Veteran Portland therapist Jim Home, who worked with sex offenders in Washington and Oregon prisons, is struck by the fact that Spencer’s nieces and nephews defend him.

“He’s a lot more likely to molest his nephews” than his own children, Home said. Based on his experience with other sex offenders, “I would think one of (the nephews) would come forward. It’s a red flag that they all say: ‘No way.”’

Home also is struck that Spencer steadfastly maintained his innocence for more than 20 years, even though he could have gotten out of prison far sooner by saying he was guilty and undergoing treatment.

“Most people will come around and say they did it,” Home said.

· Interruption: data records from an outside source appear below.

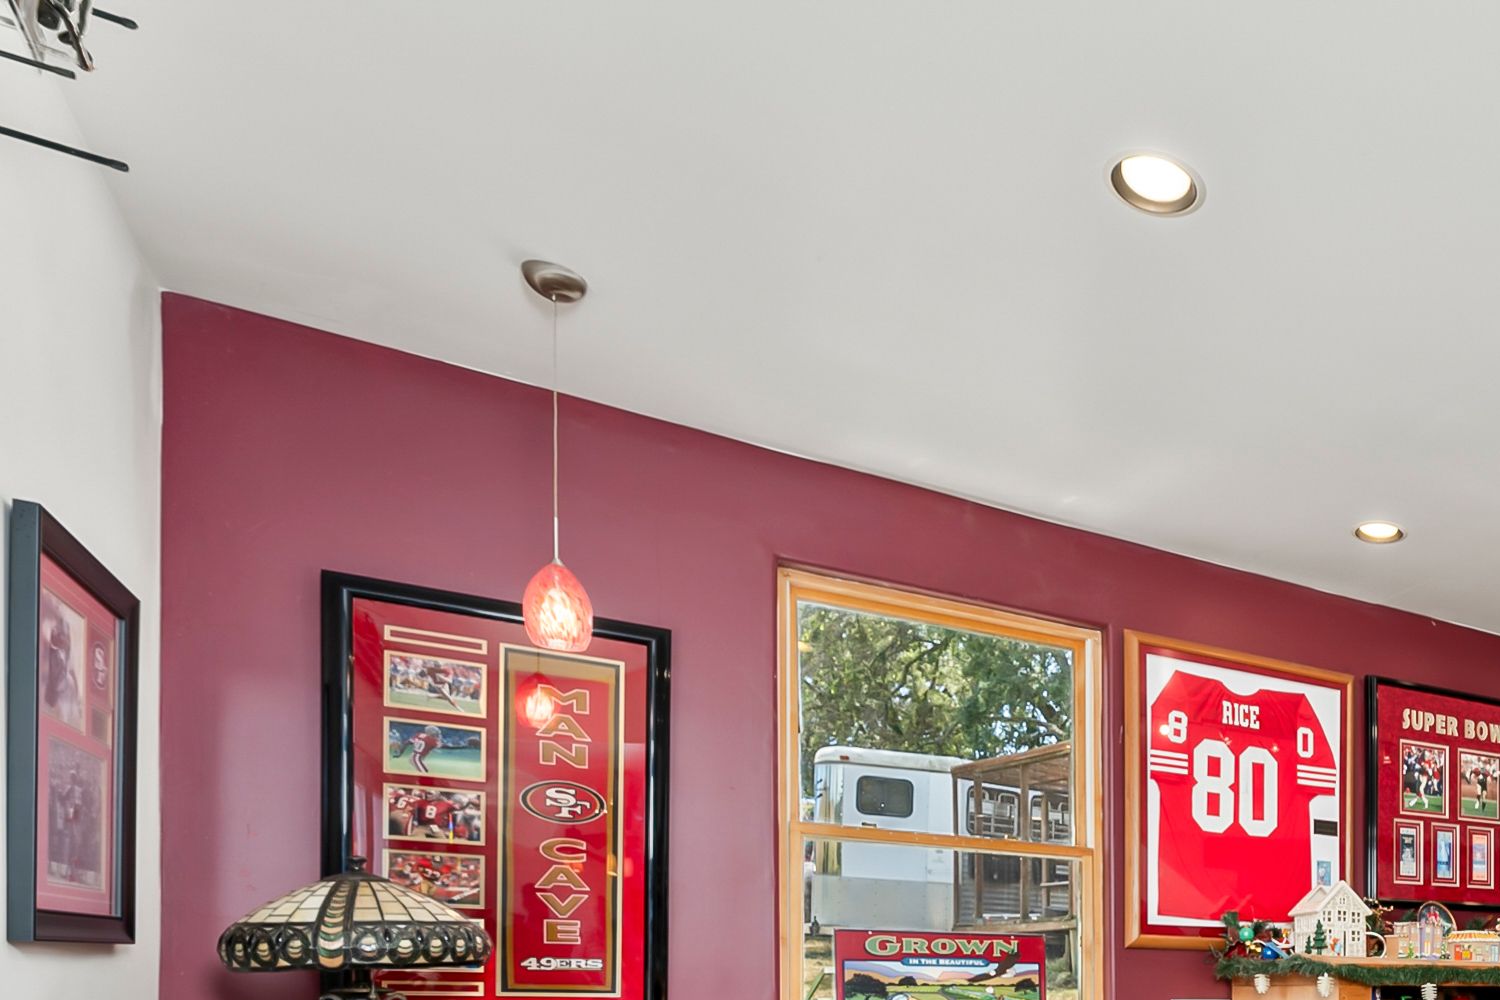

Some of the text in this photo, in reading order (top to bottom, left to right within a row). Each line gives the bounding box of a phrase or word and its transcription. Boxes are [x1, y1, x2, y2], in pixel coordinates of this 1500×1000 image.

[535, 683, 592, 769] MAN
[1168, 710, 1188, 744] 8
[1222, 700, 1260, 730] RICE
[1402, 708, 1459, 737] SUPER
[1296, 727, 1314, 758] 0
[545, 787, 591, 818] SF
[1191, 738, 1278, 838] 80
[425, 805, 437, 819] 8
[535, 837, 591, 945] CAVE
[865, 935, 1019, 957] GROWN
[520, 956, 603, 971] 49ERS
[939, 958, 985, 966] BEAUTIFUL

The defense attorney, alleged victims and detectives in this case refused to answer questions or did not respond to requests for interviews.

Did you know?

  • In eight years in office, Gov. Gary Locke either commuted sentences or issued pardons for 68 people.
  • The Washington State Clemency and Pardons Board unanimously recommended to Locke that Ray Spencer’s sentence be commuted. The board consisted of a retired King County judge, a retired King County police officer, a Yakima County police chief, a federal public defender and a Seattle attorney.
  • Spencer was the only person convicted of a sex offense to be released by Locke.

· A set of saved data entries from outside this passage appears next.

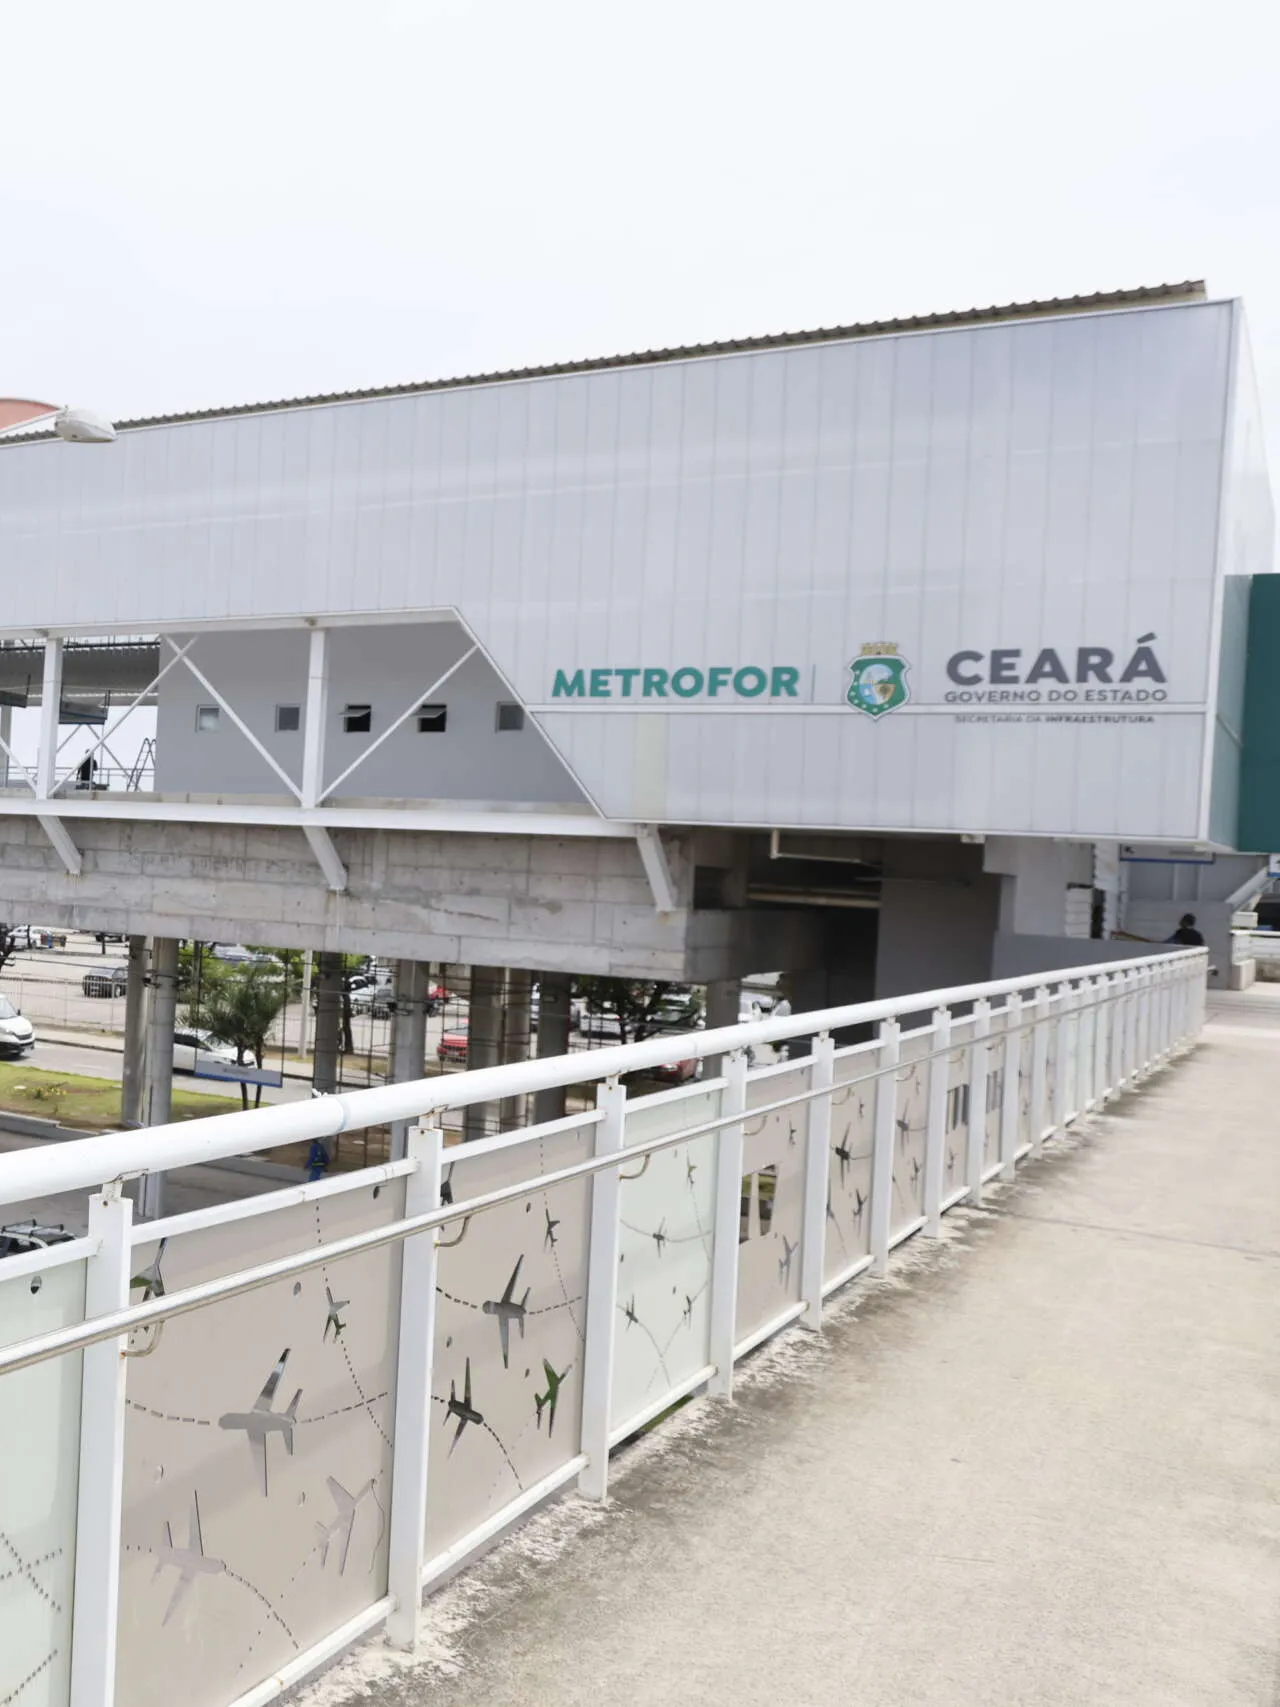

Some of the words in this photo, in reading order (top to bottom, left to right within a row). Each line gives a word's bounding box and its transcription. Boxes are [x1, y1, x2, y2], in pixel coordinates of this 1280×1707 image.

[946, 632, 1167, 686] CEARÁ
[551, 666, 800, 698] METROFOR
[944, 689, 1042, 703] GOVERNO
[1048, 689, 1078, 702] DO
[1084, 688, 1168, 702] ESTADO
[953, 715, 1022, 724] SECRETARIA
[1025, 715, 1042, 724] DA
[1045, 715, 1155, 724] INFRAESTRUTURA

Irregularities in Ray Spencer Case

Gov. Gary Locke’s commutation order and court records refer to several flaws in the case against Ray Spencer, including:

  • Spencer’s estranged wife had an affair with a supervising detective.
  • Detectives withheld medical evidence supporting Spencer’s contention that he was innocent.
  • A King County deputy prosecutor known for her expertise in child sex abuse recommended dropping the case after the first victim came forward, citing significant problems with the evidence, including “questions about fact vs. fantasy.”
  • Spencer’s court-appointed defense attorney, James Rulli, now a Clark County Superior Court judge, did not attempt to interview the alleged victims until a few weeks before trial even though the case had been initiated eight months earlier. He also didn’t interview Spencer’s wife, arrange for any defense witnesses, challenge any of the prosecution’s evidence or request a hearing to determine the credibility of the child witnesses.
  • Spencer maintained his innocence both under hypnosis and sodium Amytal (“truth serum”) facts that were never mentioned in court. “I have never observed an individual who can withhold information under the conditions of Amytal and hypnosis,” wrote Dr. Lawrence Halpern in a 1986 letter filed with Spencer’s first appeal.
  • Spencer was taking heavy doses of antidepressants when he entered his no-contest plea. The drugs and depression made it impossible for Spencer to intelligently participate in his own defense, said Halpern, a University of Washington neuropharmacologist who analyzed Spencer’s medical records a year after he was sentenced.
  • One alleged victim, a 9-year-old boy, denied Spencer abused him for eight months and changed his story only after a Clark County sheriff’s detective threatened him with a lie detector test. Once the detective elicited allegations from the boy that he had suffered frequent, violent abuse, the boy was not examined by a doctor.
  • Spencer was handed two life terms plus 14 years with no pre-sentence investigation.
  • Results from a recent comprehensive psychological exam and a recent polygraph test support Spencer’s claims he never sexually abused anyone.